**PROBLEM REQUIREMENTS:** Write out each record again exactly as it stands.
- - - -
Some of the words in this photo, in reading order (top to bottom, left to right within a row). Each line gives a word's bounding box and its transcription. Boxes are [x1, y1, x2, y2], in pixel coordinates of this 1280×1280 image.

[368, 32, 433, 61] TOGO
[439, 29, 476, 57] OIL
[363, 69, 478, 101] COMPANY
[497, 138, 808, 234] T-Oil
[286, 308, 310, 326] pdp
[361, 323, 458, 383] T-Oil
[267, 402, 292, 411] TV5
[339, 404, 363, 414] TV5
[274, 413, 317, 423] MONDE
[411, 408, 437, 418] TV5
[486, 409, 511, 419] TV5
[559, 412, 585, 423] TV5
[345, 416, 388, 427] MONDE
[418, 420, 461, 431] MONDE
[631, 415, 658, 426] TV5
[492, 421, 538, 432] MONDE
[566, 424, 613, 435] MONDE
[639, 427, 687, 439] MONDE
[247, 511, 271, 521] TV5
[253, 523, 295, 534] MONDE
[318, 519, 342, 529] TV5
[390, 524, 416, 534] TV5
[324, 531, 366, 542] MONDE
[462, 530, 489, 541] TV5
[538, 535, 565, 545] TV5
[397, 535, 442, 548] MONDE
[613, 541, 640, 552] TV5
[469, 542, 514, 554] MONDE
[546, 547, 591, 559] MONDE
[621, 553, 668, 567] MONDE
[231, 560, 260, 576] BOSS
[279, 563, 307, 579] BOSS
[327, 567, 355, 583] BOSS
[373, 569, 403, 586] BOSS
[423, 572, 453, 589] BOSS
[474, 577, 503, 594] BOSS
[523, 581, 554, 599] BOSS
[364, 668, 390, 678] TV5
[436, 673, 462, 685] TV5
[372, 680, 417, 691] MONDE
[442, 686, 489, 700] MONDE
- - - -
**ANSWER SPACE:**
Some of the words in this photo, in reading order (top to bottom, left to right within a row). Each line gives a word's bounding box and its transcription. Boxes are [x1, y1, x2, y2], in pixel coordinates of this 1280×1280 image.

[368, 32, 433, 61] TOGO
[439, 29, 476, 57] OIL
[363, 69, 478, 101] COMPANY
[497, 138, 808, 234] T-Oil
[286, 308, 310, 326] pdp
[361, 323, 458, 383] T-Oil
[267, 402, 292, 411] TV5
[339, 404, 363, 414] TV5
[274, 413, 317, 423] MONDE
[411, 408, 437, 418] TV5
[486, 409, 511, 419] TV5
[559, 412, 585, 423] TV5
[345, 416, 388, 427] MONDE
[418, 420, 461, 431] MONDE
[631, 415, 658, 426] TV5
[492, 421, 538, 432] MONDE
[566, 424, 613, 435] MONDE
[639, 427, 687, 439] MONDE
[247, 511, 271, 521] TV5
[253, 523, 295, 534] MONDE
[318, 519, 342, 529] TV5
[390, 524, 416, 534] TV5
[324, 531, 366, 542] MONDE
[462, 530, 489, 541] TV5
[538, 535, 565, 545] TV5
[397, 535, 442, 548] MONDE
[613, 541, 640, 552] TV5
[469, 542, 514, 554] MONDE
[546, 547, 591, 559] MONDE
[621, 553, 668, 567] MONDE
[231, 560, 260, 576] BOSS
[279, 563, 307, 579] BOSS
[327, 567, 355, 583] BOSS
[373, 569, 403, 586] BOSS
[423, 572, 453, 589] BOSS
[474, 577, 503, 594] BOSS
[523, 581, 554, 599] BOSS
[364, 668, 390, 678] TV5
[436, 673, 462, 685] TV5
[372, 680, 417, 691] MONDE
[442, 686, 489, 700] MONDE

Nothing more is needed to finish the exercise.